======== DATASET ========
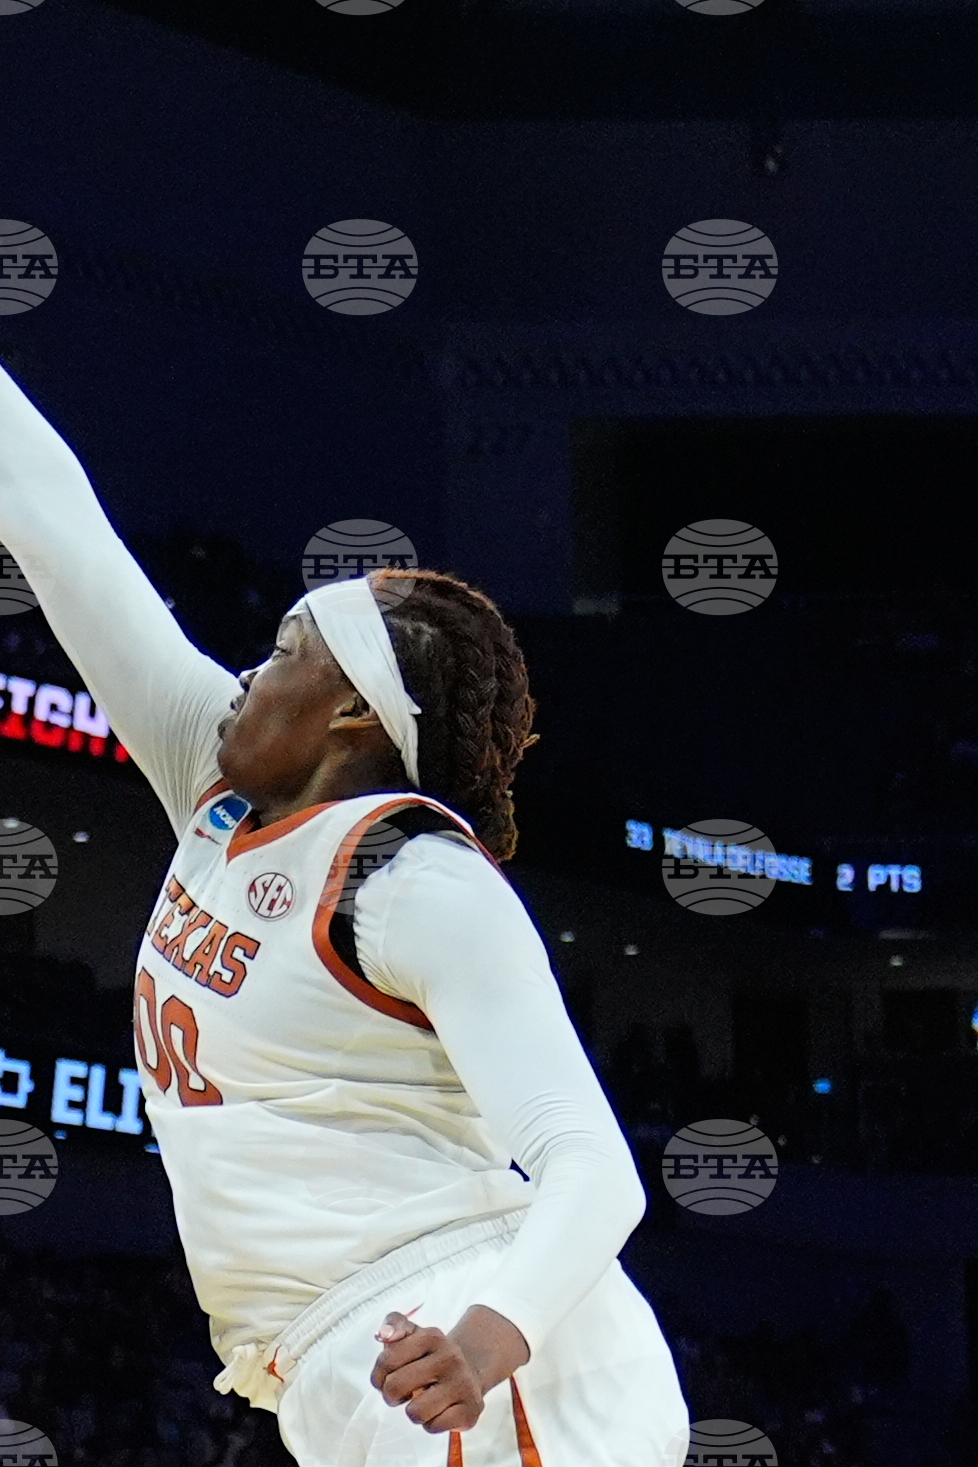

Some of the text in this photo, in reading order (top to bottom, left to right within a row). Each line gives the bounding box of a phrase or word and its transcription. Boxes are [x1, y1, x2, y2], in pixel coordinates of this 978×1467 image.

[213, 805, 238, 828] NCAA
[249, 873, 293, 918] SEC
[836, 863, 922, 893] 2 PTS
[146, 874, 261, 998] TEXAS
[134, 966, 224, 1107] 00
[51, 1057, 156, 1138] ELI
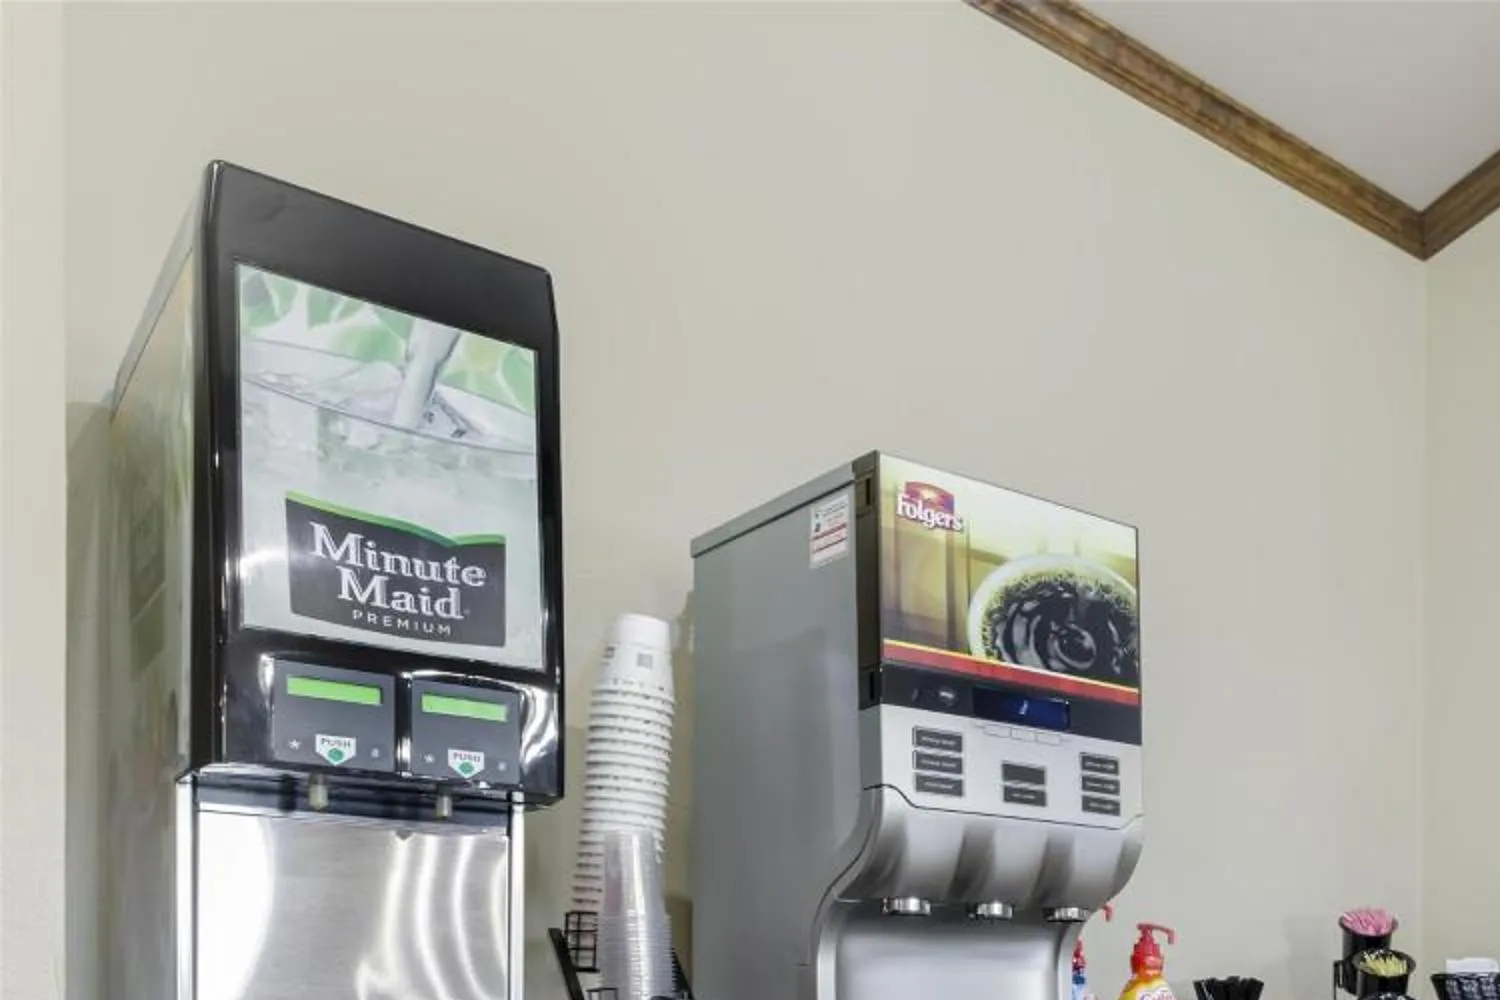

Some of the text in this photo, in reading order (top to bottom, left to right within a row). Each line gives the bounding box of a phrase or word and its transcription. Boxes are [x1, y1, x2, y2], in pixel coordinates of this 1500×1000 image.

[896, 493, 964, 531] Folgers
[308, 520, 487, 588] Minute
[336, 564, 465, 620] Maid
[352, 609, 451, 635] PREMIUM
[320, 736, 352, 750] PUSH
[453, 751, 481, 763] PUSH
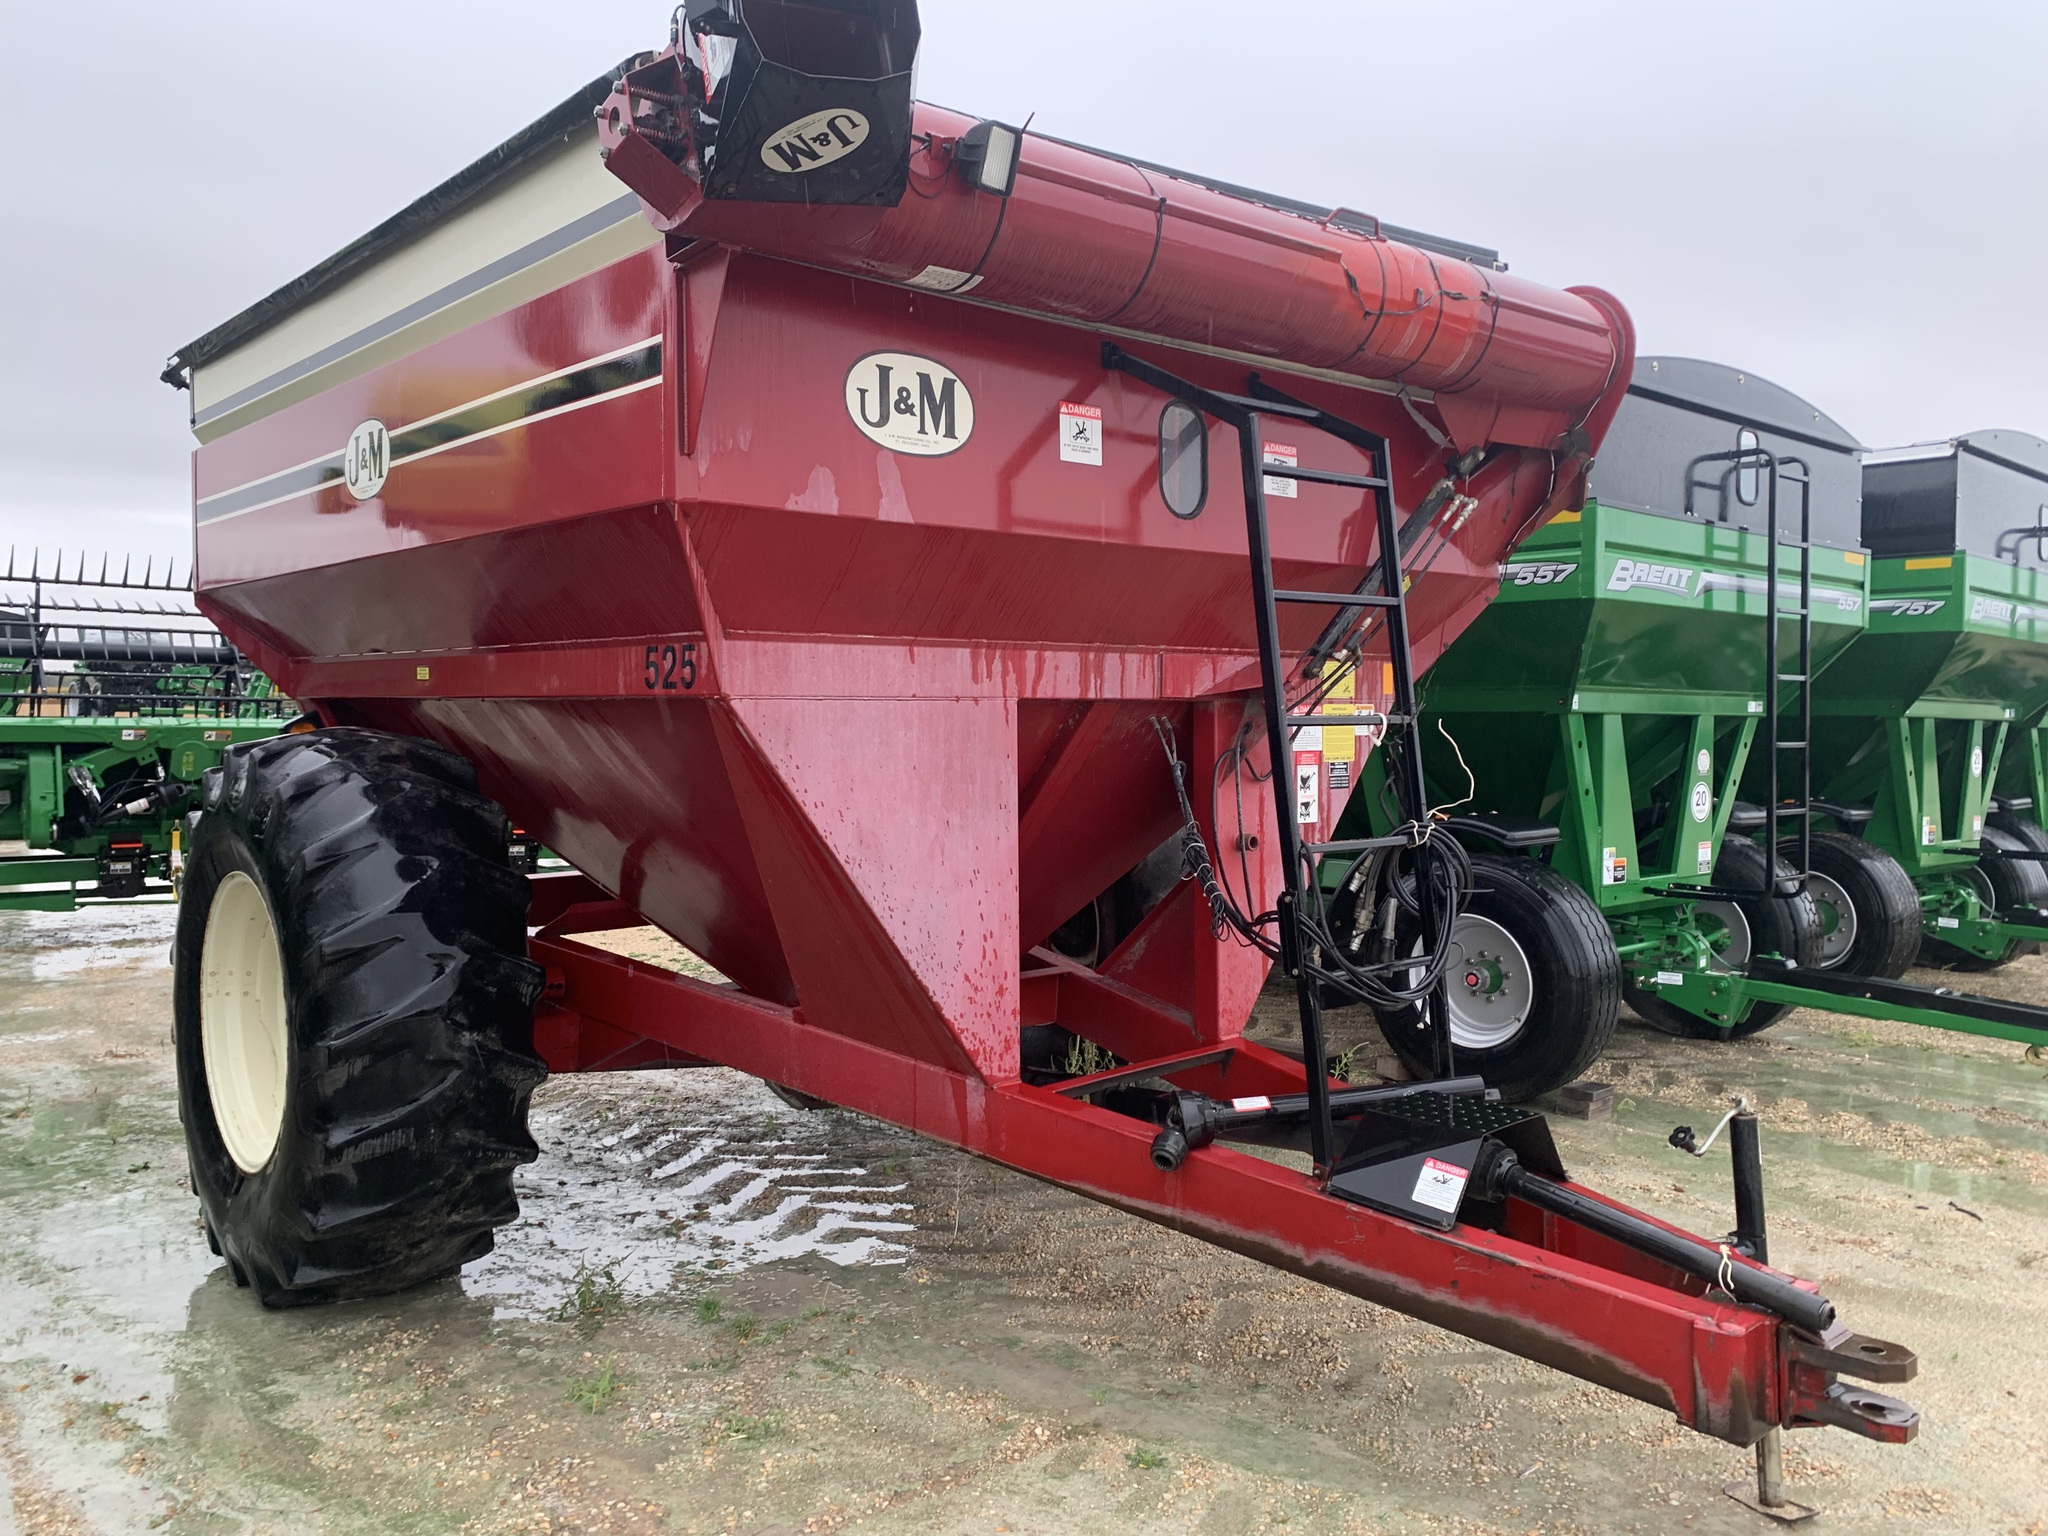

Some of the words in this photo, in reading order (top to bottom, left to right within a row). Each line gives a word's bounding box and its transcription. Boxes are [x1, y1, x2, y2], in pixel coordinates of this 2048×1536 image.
========
* **ACTIVITY**:
The copy you write must hold every record verbatim and none of the pictures.

* **EXPECTED OUTPUT**:
Some of the text in this photo, in reading order (top to bottom, left to right within a row). Each line gives the bounding box of a phrase or word and its transcription. Boxes are [x1, y1, x2, y2], in pixel coordinates of this 978×1467 image.

[213, 805, 238, 828] NCAA
[249, 873, 293, 918] SEC
[836, 863, 922, 893] 2 PTS
[146, 874, 261, 998] TEXAS
[134, 966, 224, 1107] 00
[51, 1057, 156, 1138] ELI

Some of the text in this photo, in reading order (top to bottom, left to right within a row). Each line gives the bounding box of a phrase or word and its transcription. Boxes are [x1, y1, x2, y2], in pixel coordinates of this 1500×1000 image.

[896, 493, 964, 531] Folgers
[308, 520, 487, 588] Minute
[336, 564, 465, 620] Maid
[352, 609, 451, 635] PREMIUM
[320, 736, 352, 750] PUSH
[453, 751, 481, 763] PUSH

Some of the words in this photo, in reading order (top to bottom, left to right within a row). Each line gives a word's bounding box and its transcription. Boxes are [x1, y1, x2, y2], in pixel coordinates of this 2048×1536 image.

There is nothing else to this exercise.